Ayı Piyasası asla gerçekten gelmedi: mevcut piyasa düşündüğünüz gibi değil!
Son zamanlarda piyasa sürekli dalgalanma ve düşüş yaşıyor, birçok ses "Ayı Piyasası'nın gelip gelmediğini" tartışmaya başladı. Ancak gerçekten sakinleşip düşündün mü: Ayı Piyasası tam olarak nedir?
Birçok sıradan yatırımcı için, piyasa sürekli düştüğünde, bu genellikle Ayı Piyasası'nın geldiği anlamına geliyor - hatta Bitcoin şu anda 90.000 dolarlık görece yüksek seviyede olmasına rağmen. Ayrıca birçok kişi, fiyatın düştüğünü gördükten sonra, kendi değerlendirmelerini desteklemek için makro ortam, kurumsal hareketler, politika değişiklikleri, döngüsel düzenler gibi çeşitli nedenler aramaya alışkındır ve ardından kesin bir şekilde başkalarına şunu söyler: Ayı Piyasası geldi.
Daha mantıklı yatırımcılar, boğa ve ayı piyasalarının aslında göreceli olduğunu düşünebilir. Eğer maliyetiniz 20 bin dolar ise, şu anda sizin için hala boğa piyasası olabilir; ancak eğer 120 bin dolara aldıysanız, şu anda gerçekten ayı piyasası gibi görünüyor. Bu kişisel maliyetlere dayalı yargı kendisi açısından sorun teşkil etmese de, "maliyet algı yanlılığı"na kapılmamaya dikkat etmeliyiz – kaybettiğimiz için ayı piyasası, kazandığımız için boğa piyasası olduğunu düşünemeyiz.
Gerçekten de, farklı insanlar boğa ve ayı piyasası değerlendirme kriterlerini farklı şekillerde belirliyor: Kimisi fiyatın 200 günlük hareketli ortalamayı aşıp aşmadığını ölçerken, kimisi piyasa duygusunun ne kadar karamsar olduğunu dikkate alıyor.

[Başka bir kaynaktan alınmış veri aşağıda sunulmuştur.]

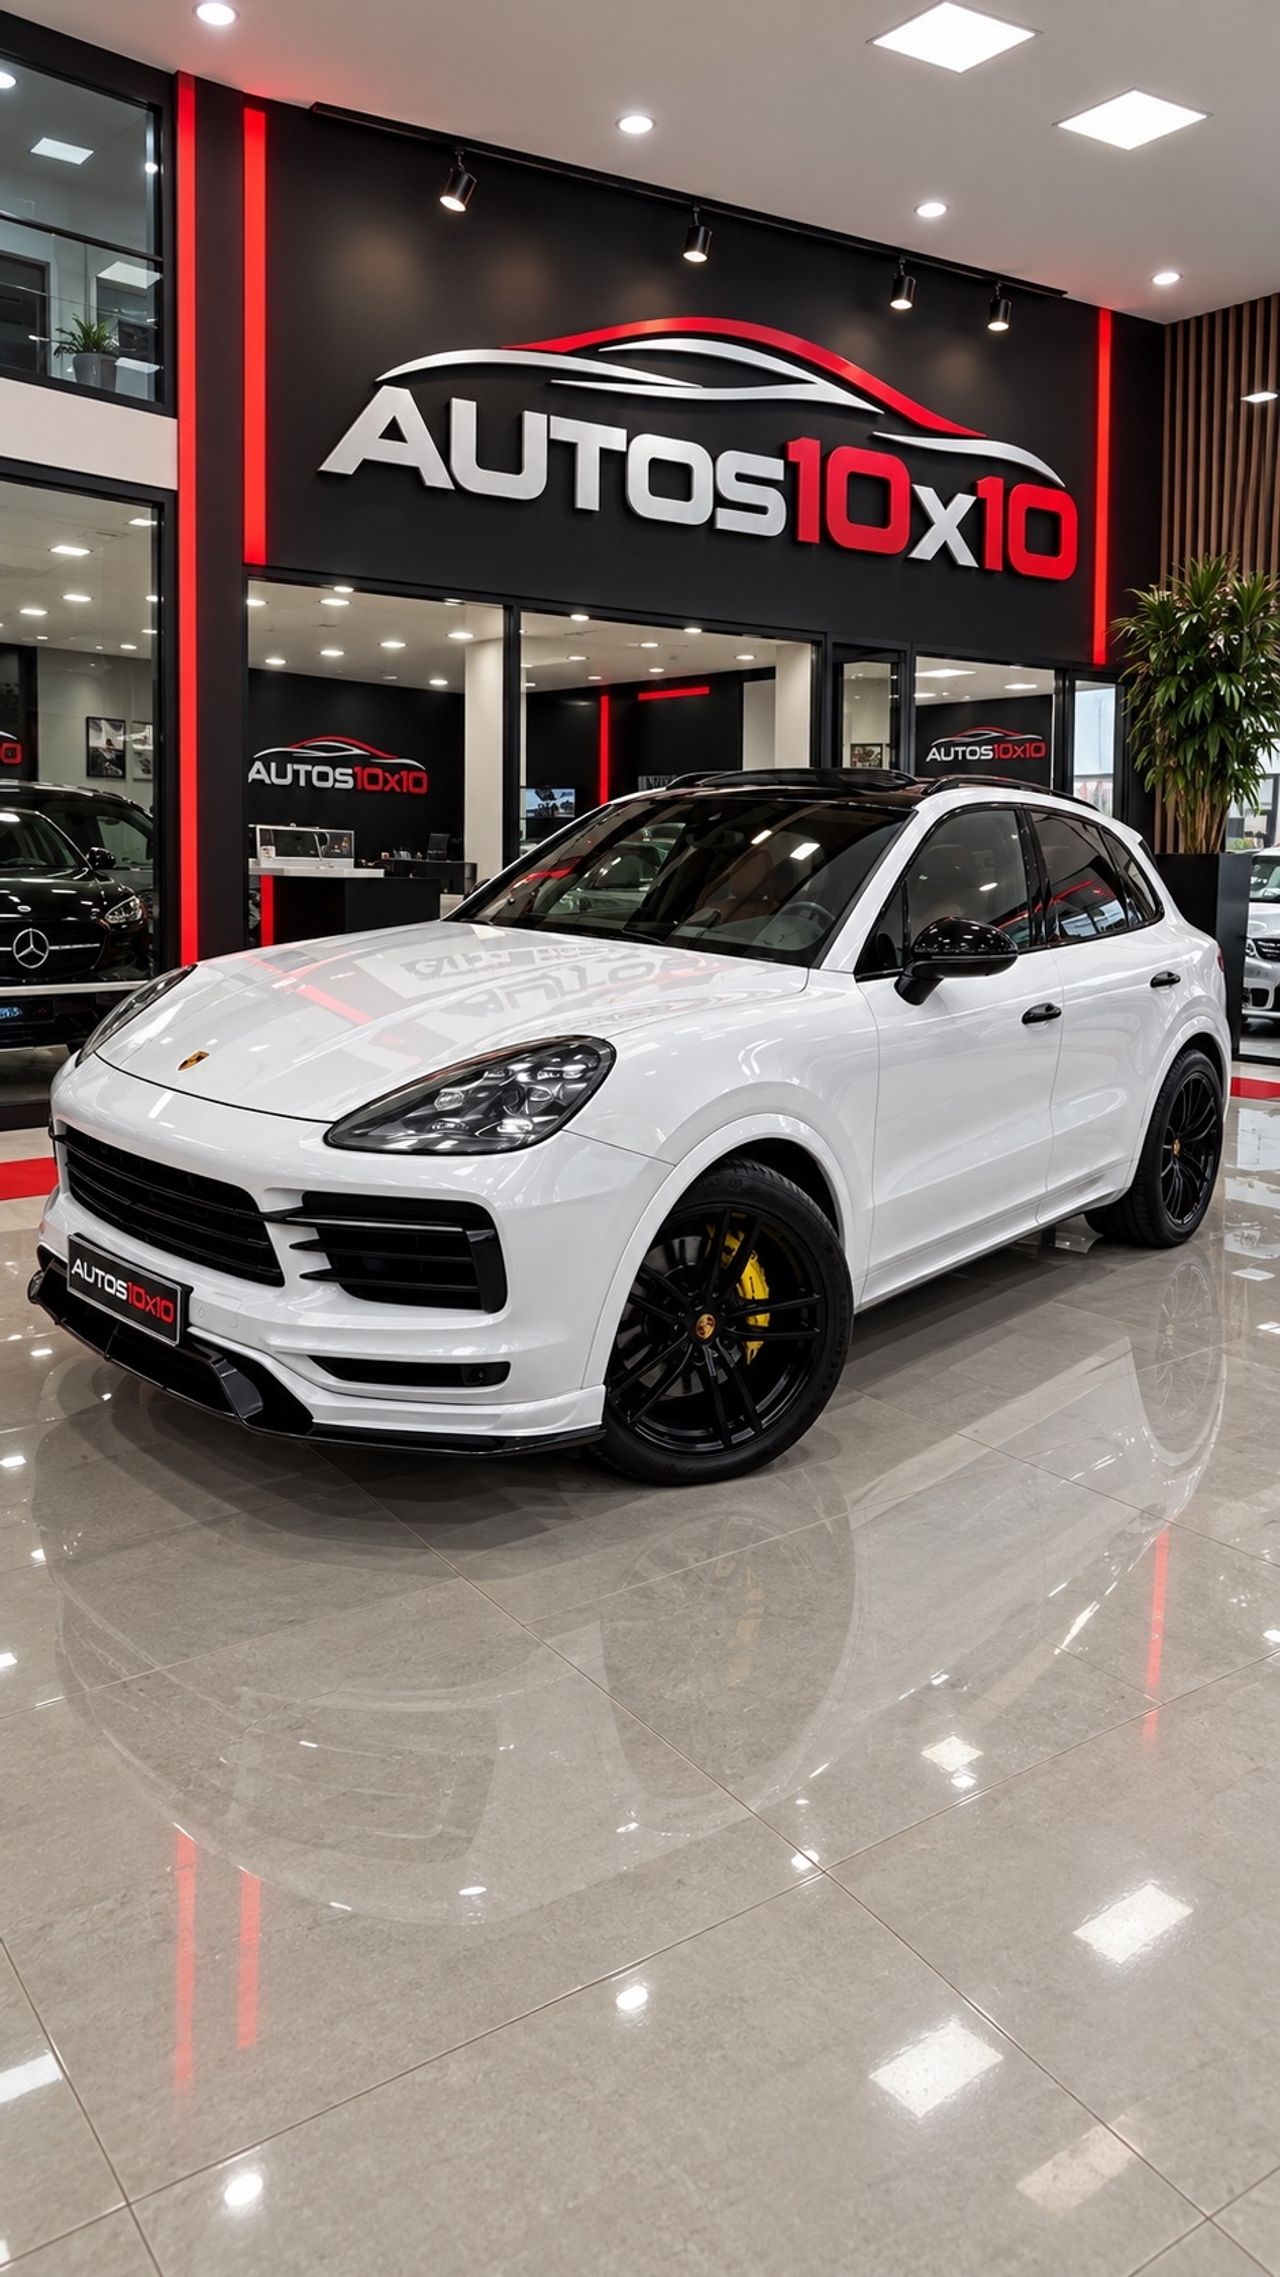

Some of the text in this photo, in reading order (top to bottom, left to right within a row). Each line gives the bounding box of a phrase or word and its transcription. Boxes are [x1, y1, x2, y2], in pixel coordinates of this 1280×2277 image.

[318, 384, 1080, 581] AUTOS10x10
[247, 760, 429, 794] AUTOS10x10
[925, 742, 1046, 762] AUTOS10x10
[71, 1258, 174, 1324] AUTOS10x10

Peki, Ayı Piyasası tam olarak nedir?
Bir noktayı netleştirmemiz gerekiyor: Bitcoin ve altcoinlerin boğa ve ayı döngüleri, bu döngüde belirgin bir yapısal farklılık göstermektedir.

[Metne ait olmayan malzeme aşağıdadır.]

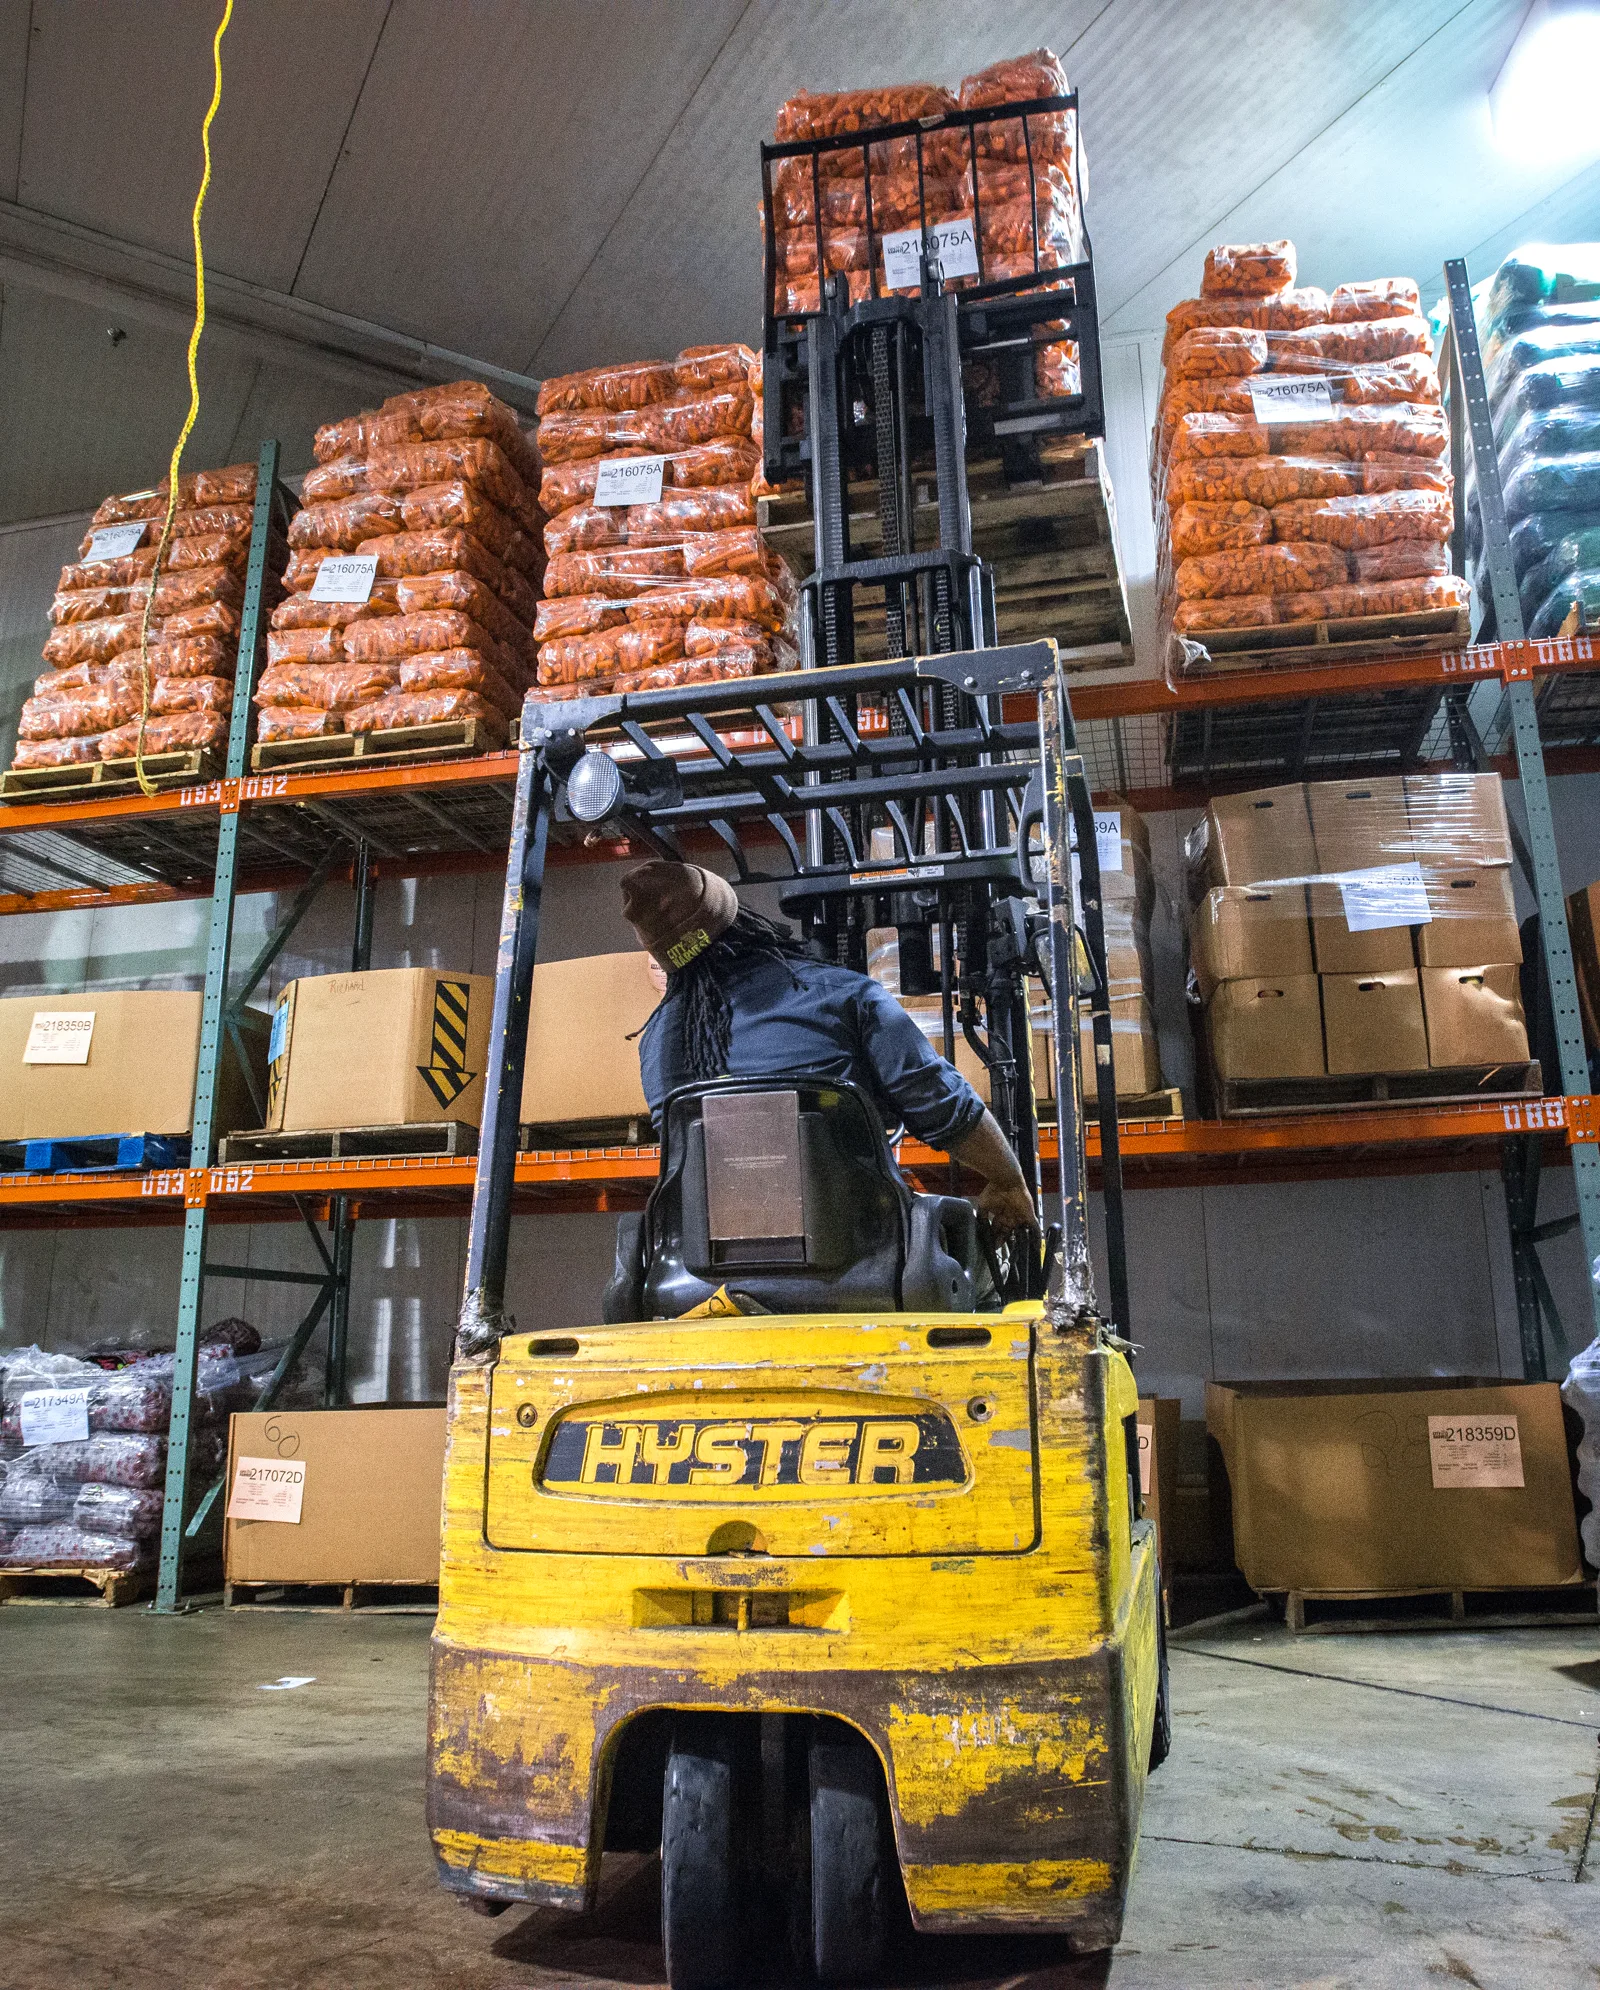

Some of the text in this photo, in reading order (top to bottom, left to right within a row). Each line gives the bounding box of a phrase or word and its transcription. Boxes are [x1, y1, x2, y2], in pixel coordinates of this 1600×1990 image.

[1267, 382, 1326, 397] 216075A
[611, 464, 662, 478] 216075A
[329, 563, 374, 574] 216075A
[1442, 648, 1495, 672] 089
[181, 781, 222, 806] 093
[247, 775, 287, 798] 092
[667, 941, 686, 960] CITY
[43, 1020, 92, 1031] 218359B
[1503, 1101, 1564, 1130] 089
[142, 1173, 184, 1195] 093
[210, 1169, 253, 1192] 092
[34, 1392, 85, 1409] 217349A
[1446, 1426, 1516, 1442] 218359D
[581, 1420, 920, 1485] HYSTER
[249, 1468, 303, 1484] 217072D

Tarihsel döngüleri incelediğimizde bazı önemli değişiklikler keşfedebiliriz:
· 2017 yılındaki boğa piyasası esasen küçük yatırımcıların hisleriyle yönlendirildi, o dönemde neredeyse tüm altcoinlerde şaşırtıcı yükselişler görüldü, on kat, yüz kat artışlar nadir değildi. · 2021 yılındaki boğa piyasası, küresel pandeminin getirdiği para politikası genişlemesiyle birleşti ve kurumlar temkinli bir şekilde girmeye başladı, ancak küçük yatırımcıların FOMO duygusu hâlâ baskın güç oldu.
Ve bu döngü 2022'nin sonlarından itibaren başladığından beri, Bitcoin 15.000 dolardan 126.000 dolara kadar yükseldi, ancak çoğu altcoinin performansı açıkça Bitcoin'in altında kaldı. Bu yapısal ayrışma, önceki döngülerde bu kadar belirgin bir şekilde ortaya çıkmamıştı.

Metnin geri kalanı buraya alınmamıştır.